Аре посмотрела на него каким-то щенячьим взглядом.
— Давай, стреляй. Смотри, она — солдат, а солдат слушается своего командира, не рассуждает, не жалеет, не думает, потому что командир лучше знает, когда и в кого стрелять. Огонь!
Я поняла, что пора вмешаться. Понятия не имею, во что они там палят, но мне это не нравится.
Но я не успела. С другого конца поляны прозвучал выстрел — куда более громкий, чем раньше, — а потом из-за деревьев появился Петер.
— Вас ищет сержант Хольт, — сказал он.
— Мы с тобой еще поговорим о невыполнении приказов, — сказал Рейнис Тиму, развернулся и пошел прочь.
Аре и Тим потянулись следом. Я вышла из своего укрытия и подошла к Петеру, который продолжал стоять и смотреть на то, что лежало под деревом.
Это была лиса, совсем еще маленькая. Лисий подросток. Мех в нескольких местах обуглился, особенно досталось лапами хвосту — стреляли так, чтобы зверек оставался живым подольше. Но сейчас, после выстрела Петера, он уже даже не дергался.
— Она бы не выжила, — сказал он мне. — Я просто… чтобы не мучилась.
Я кивнула. И, больше не глядя ни на лису, ни на Петера, пошла в лагерь.
Может, и выжила бы. Может, мы бы ее вылечили.
А может, стоило пристрелить Рейниса, чтобы больше не пришлось никого лечить.
Мне хотелось немедленно нажаловаться на Рейниса — кому-нибудь, кому угодно, — но, дойдя до лагеря, я остыла и задумалась. Это не моя группа, меня он ничего не заставлял делать, а его подчиненные — даже Аре — не жалуются.
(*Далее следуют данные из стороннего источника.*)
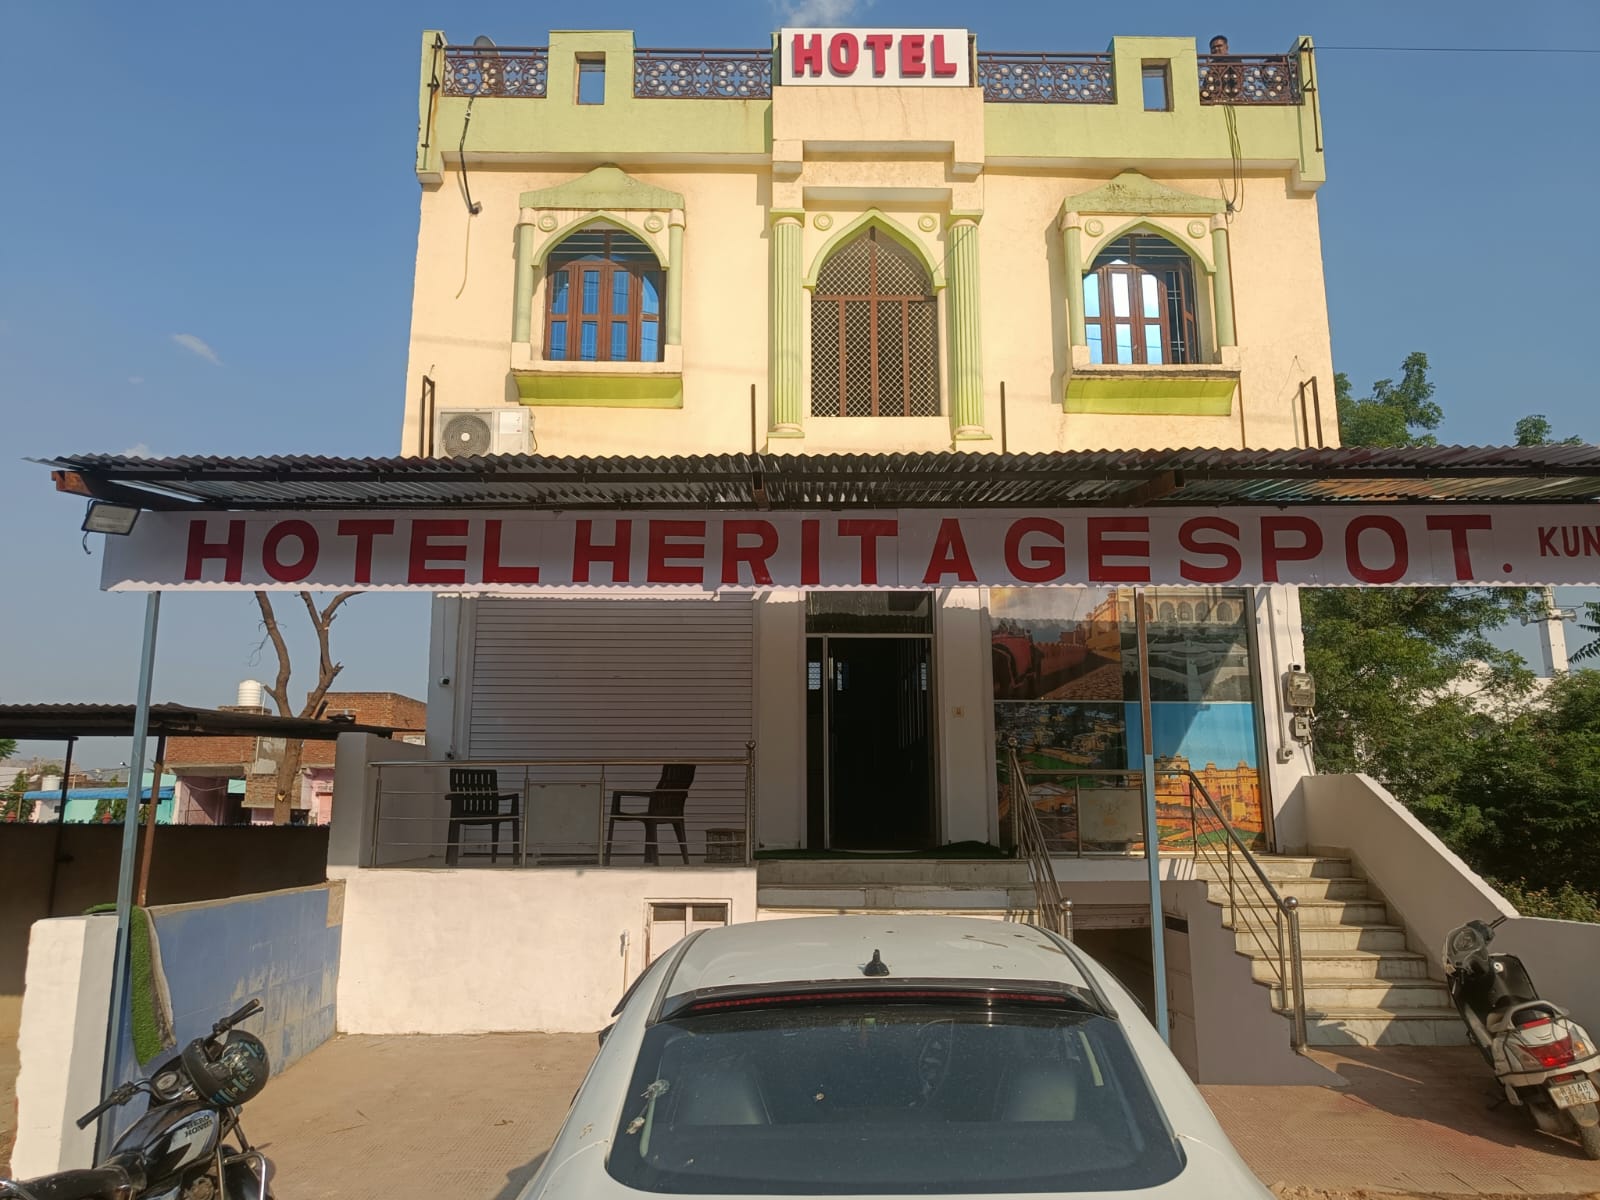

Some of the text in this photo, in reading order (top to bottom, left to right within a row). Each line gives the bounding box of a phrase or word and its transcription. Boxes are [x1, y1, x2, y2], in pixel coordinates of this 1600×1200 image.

[792, 32, 958, 77] HOTEL
[184, 519, 540, 584] HOTEL
[1537, 526, 1600, 557] KUN
И полковник Валлерт любит Рейниса, я сама слышала, как он несколько раз хвалил его, когда присутствовал на стрельбах. Может, ему разрешается проводить такие тренировки, может, с точки зрения армии он вообще прав, заставляя солдат переступать через себя. Мне неприятно было это признавать, но он и впрямь был лучше других — был сильнее остальных, отлично стрелял, мгновенно ориентировался в ситуации, его оценкам оставалось только завидовать, при посторонних он вел себя идеально. Рейнис был на хорошем счету. А я?
Если из-за жалобы у меня будут проблемы — то проблемы будут и у Коди.
И я промолчала. Только понадеялась, что Иштан сам с ним разберется.
***
Это случилось через две недели после истории с лисой, уже в самом конце учений.
Солдат из Северного Союза в тот день отпустили в Ранту — первый раз за месяц, а большую часть наших ребят перебросили за двадцать километров, на другой край острова, отрабатывать лечебно-эвакуационные мероприятия в области химического заражения. Свое «химическое заражение» они тащили с собой — баллоны с какой-то отравой, которую будут распылять, чтобы все было достоверно. С ними отправился Иштан, двадцать километров — это было почти предельное расстояние, на котором мы могли работать, и начальство, посовещавшись, решило не рисковать. А мы с Эрикой сидели в непривычно пустом базовом лагере в компании двух сержантов и одного капрала и ждали, когда вернутся Талеш, Волчек и Жукаускас. Талеш и Волчек были в моей группе, а Жукаускас — в группе Эрики, но их вместе отправили в Медвежье ущелье, где они должны были, устроив серию взрывов, вызвать управляемый обвал.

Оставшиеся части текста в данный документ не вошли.